[Task statement]
Word for word, and without a single picture, repeat the entries.
[[ Extracted records, beginning ]]
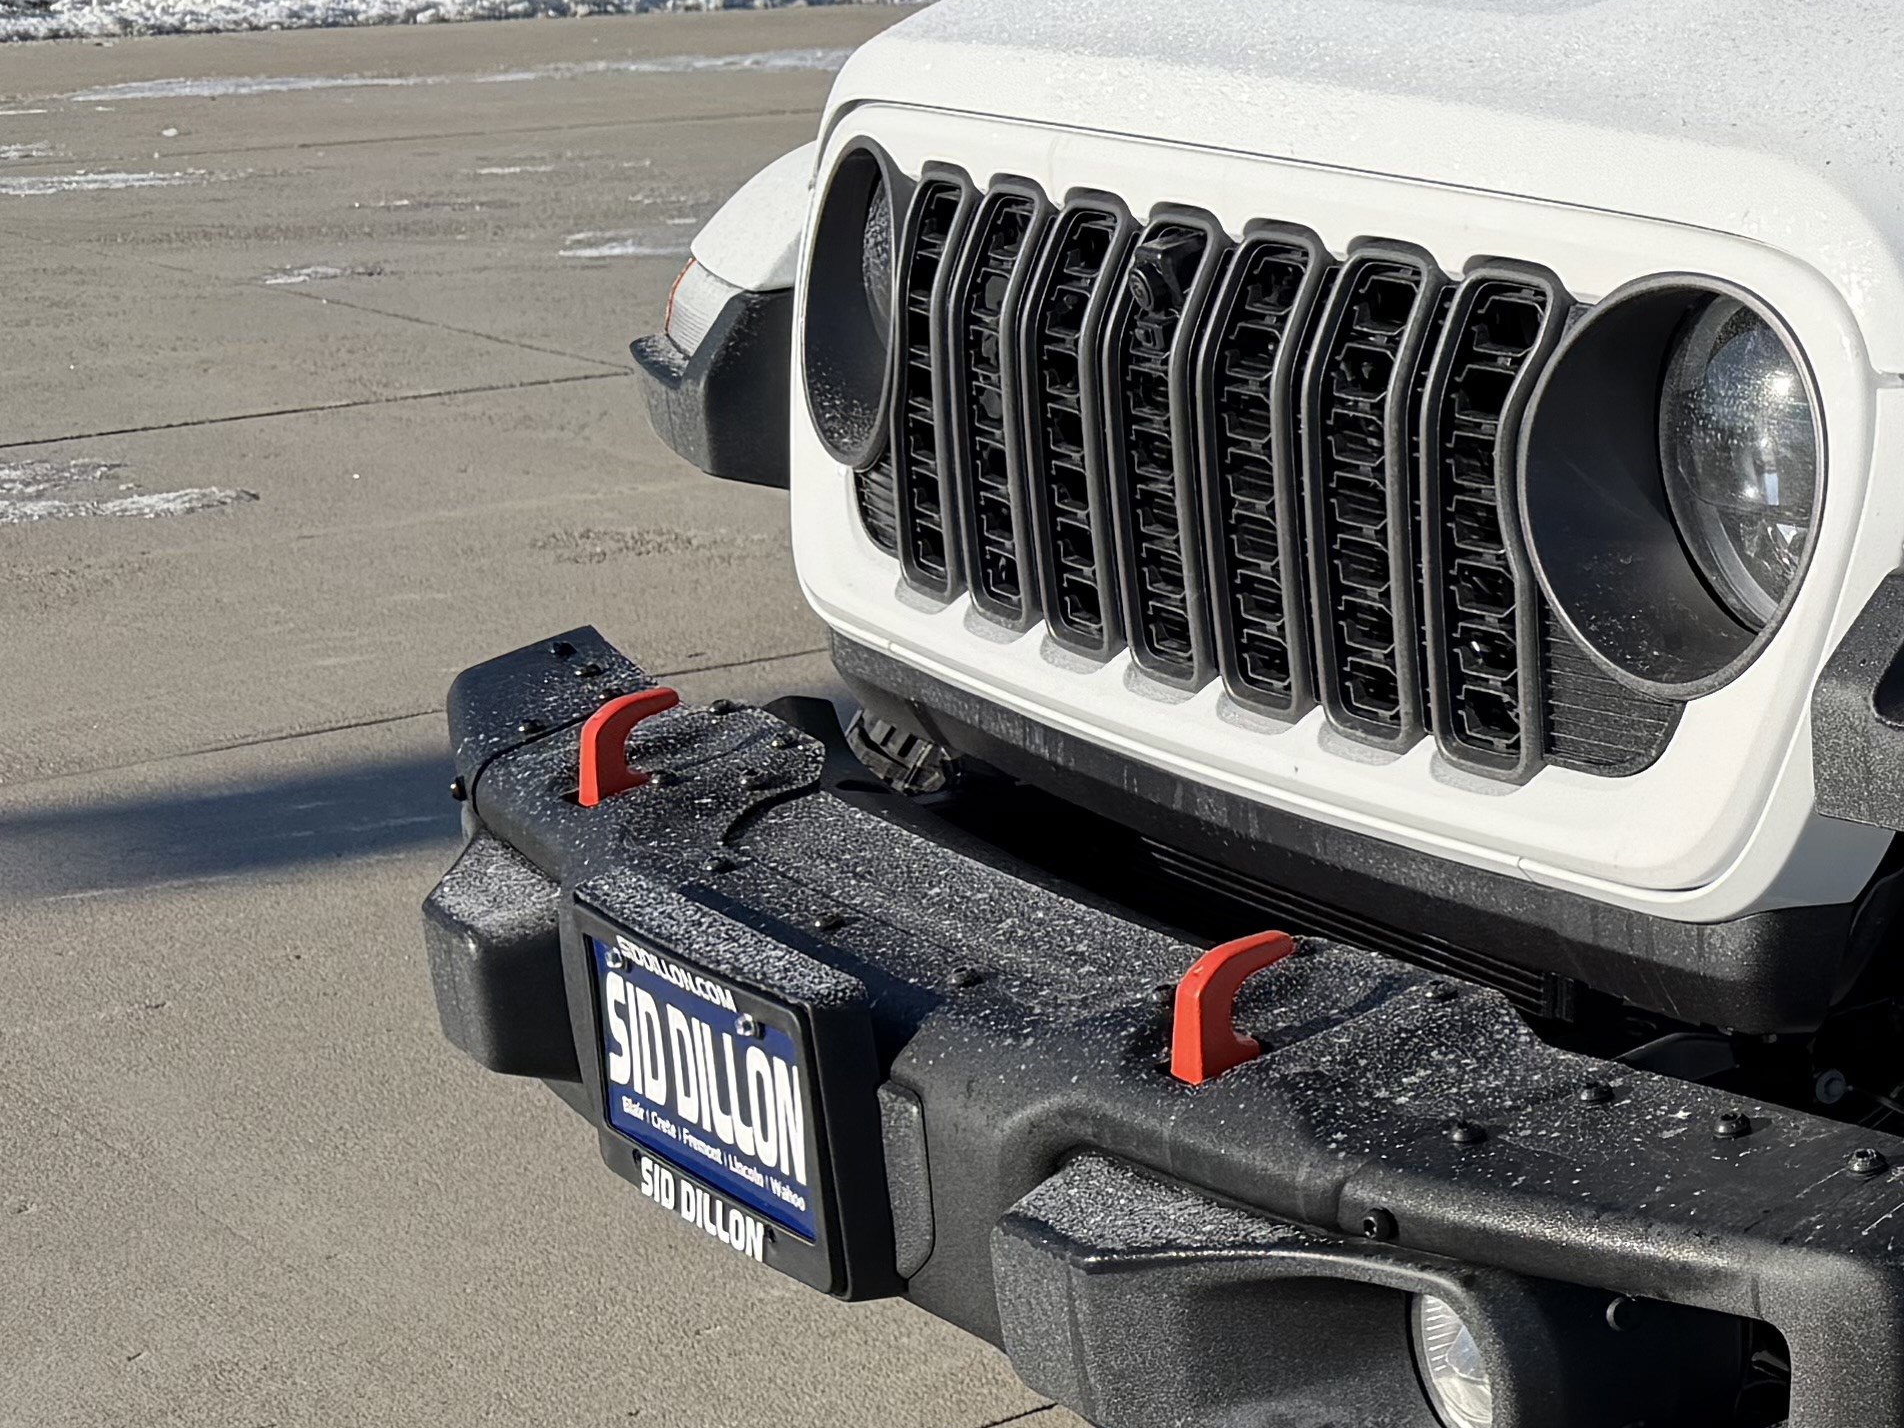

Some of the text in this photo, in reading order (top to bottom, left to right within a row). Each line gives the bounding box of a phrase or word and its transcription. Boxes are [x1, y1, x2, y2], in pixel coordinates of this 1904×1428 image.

[605, 971, 807, 1187] SID DILLON
[640, 1155, 766, 1263] SID DILLON
[651, 1110, 677, 1139] Crete
[682, 1126, 724, 1165] Fremont
[769, 1177, 807, 1213] Wahoo
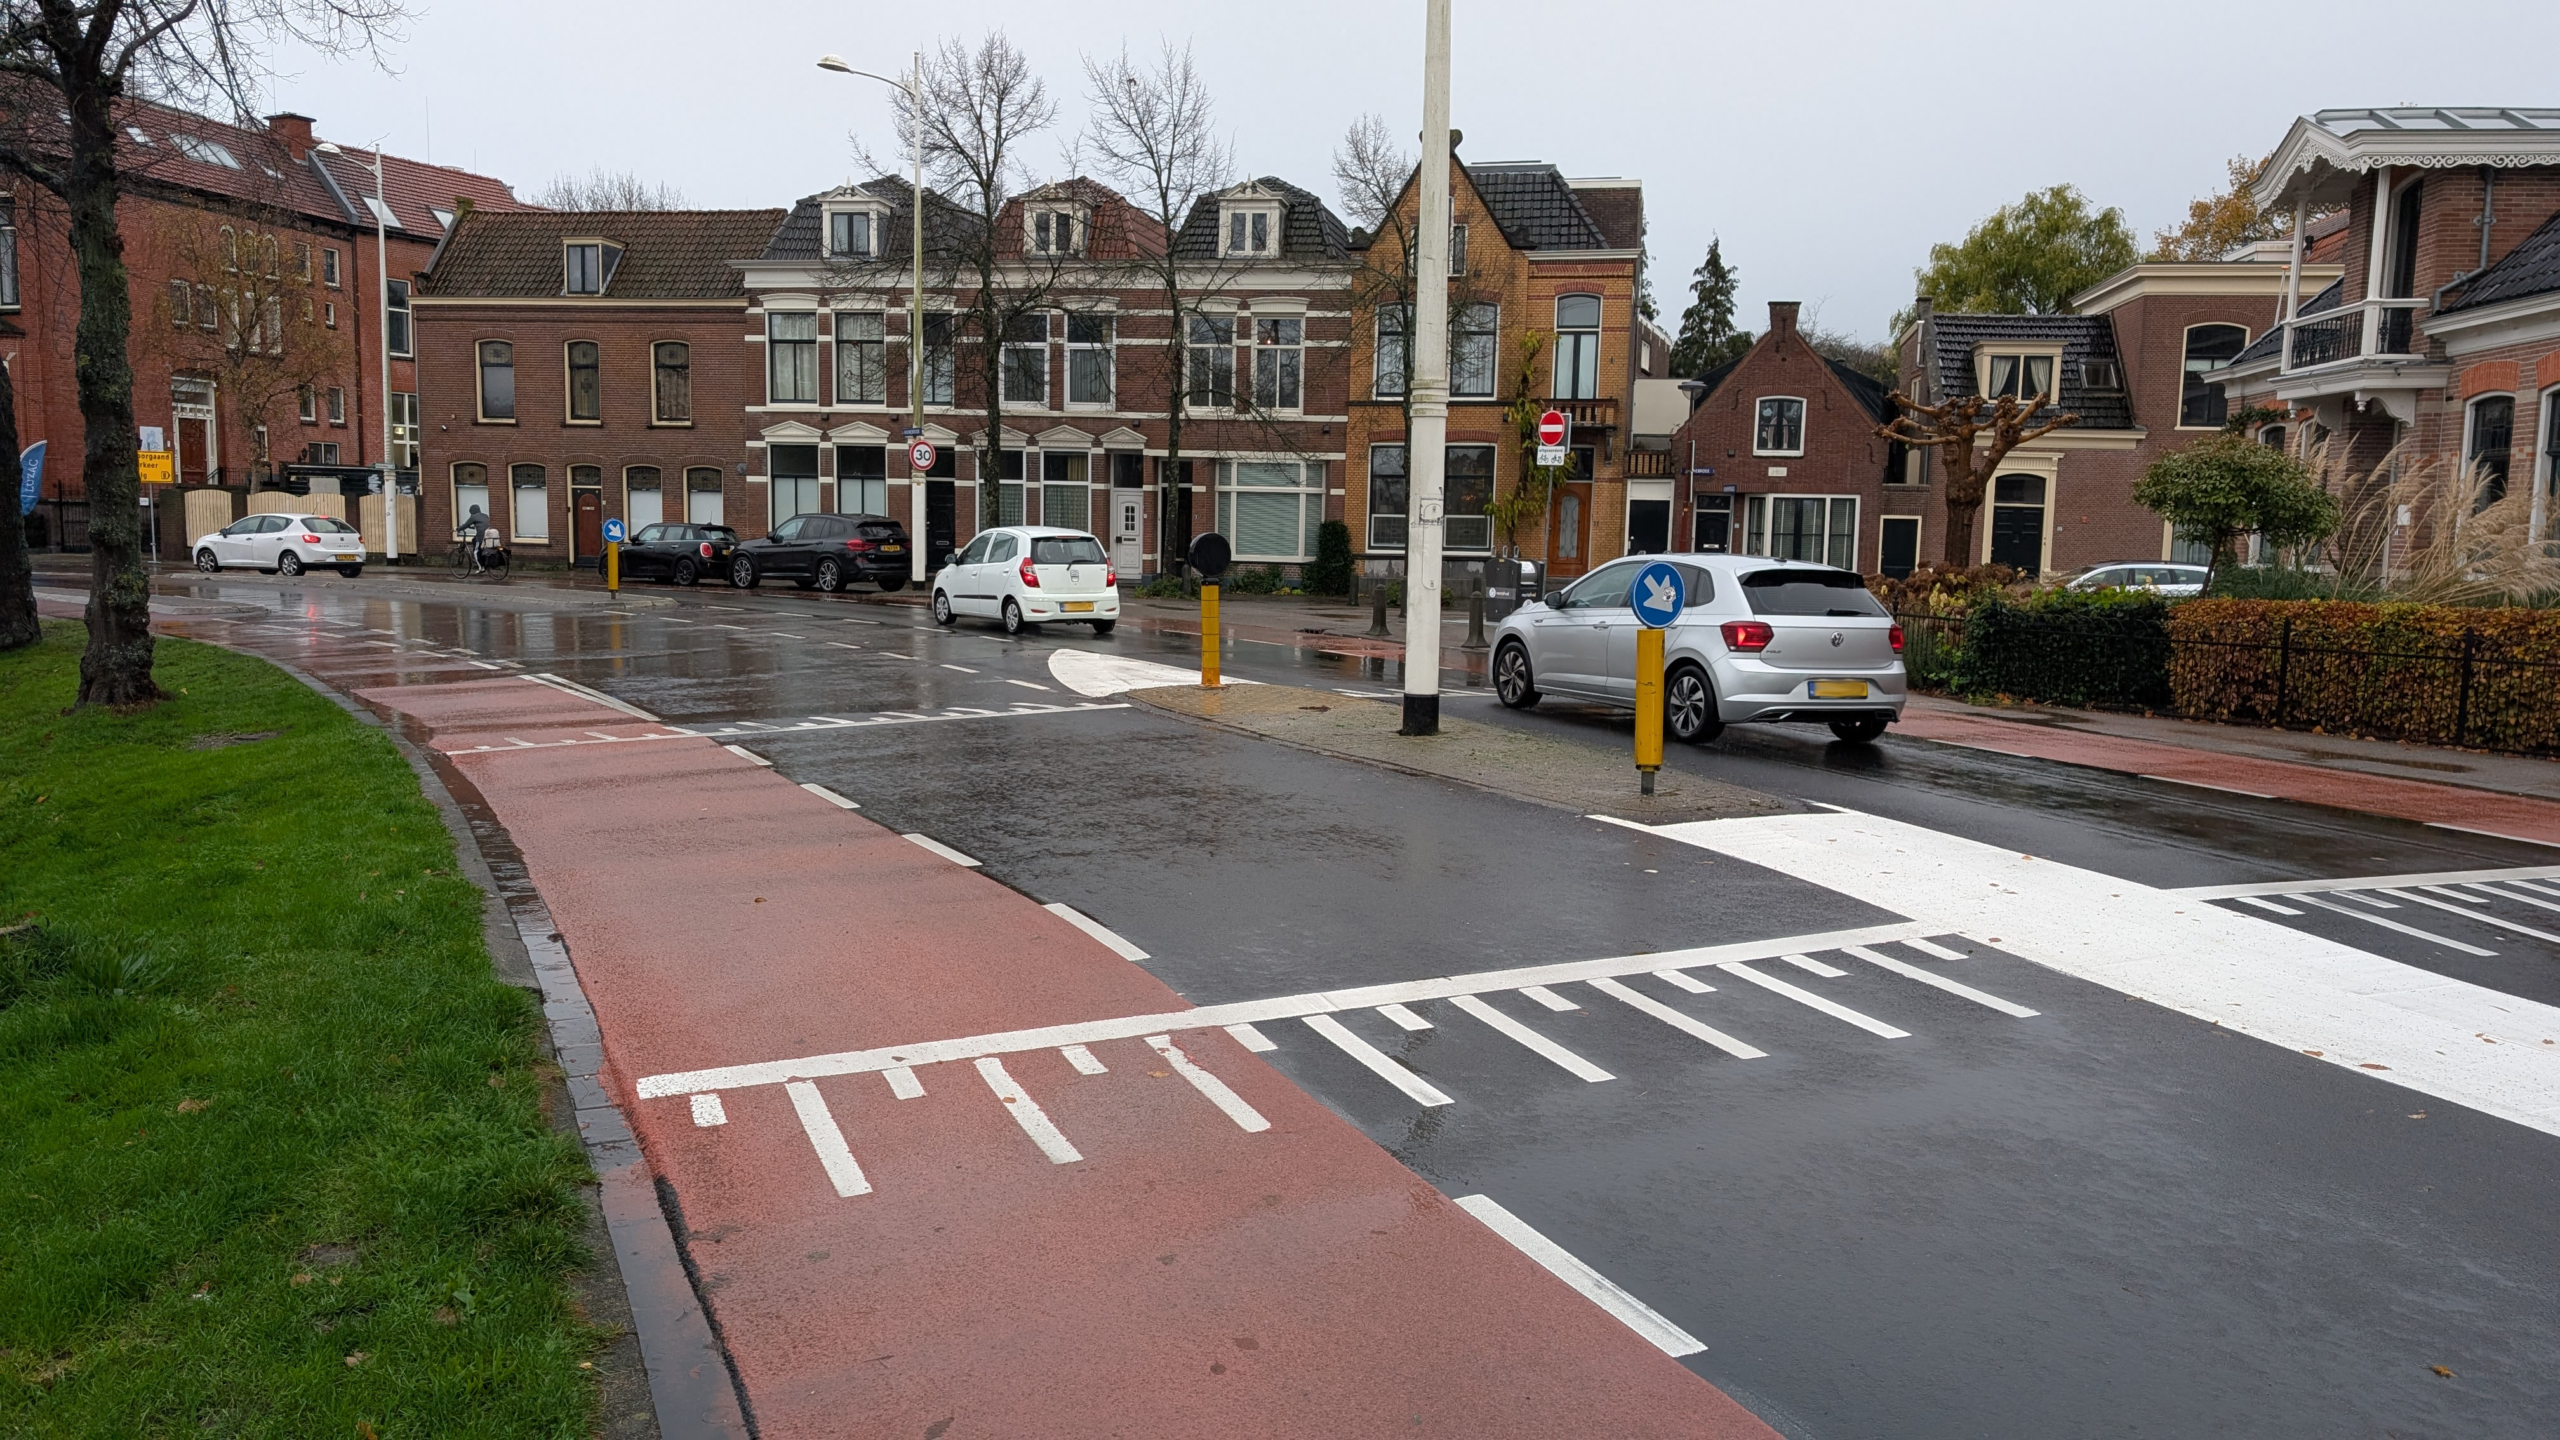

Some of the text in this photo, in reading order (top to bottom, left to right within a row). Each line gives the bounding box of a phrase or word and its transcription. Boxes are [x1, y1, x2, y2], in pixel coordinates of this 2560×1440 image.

[137, 453, 170, 461] oorgaand
[915, 449, 931, 462] 30
[139, 461, 159, 469] rkeer
[25, 459, 39, 493] LUZAC
[140, 472, 148, 480] lg
[[ Extracted records, end ]]
[Problem solution]
Some of the text in this photo, in reading order (top to bottom, left to right within a row). Each line gives the bounding box of a phrase or word and its transcription. Boxes are [x1, y1, x2, y2], in pixel coordinates of this 1904×1428 image.

[605, 971, 807, 1187] SID DILLON
[640, 1155, 766, 1263] SID DILLON
[651, 1110, 677, 1139] Crete
[682, 1126, 724, 1165] Fremont
[769, 1177, 807, 1213] Wahoo

Some of the text in this photo, in reading order (top to bottom, left to right within a row). Each line gives the bounding box of a phrase or word and its transcription. Boxes are [x1, y1, x2, y2], in pixel coordinates of this 2560×1440 image.

[137, 453, 170, 461] oorgaand
[915, 449, 931, 462] 30
[139, 461, 159, 469] rkeer
[25, 459, 39, 493] LUZAC
[140, 472, 148, 480] lg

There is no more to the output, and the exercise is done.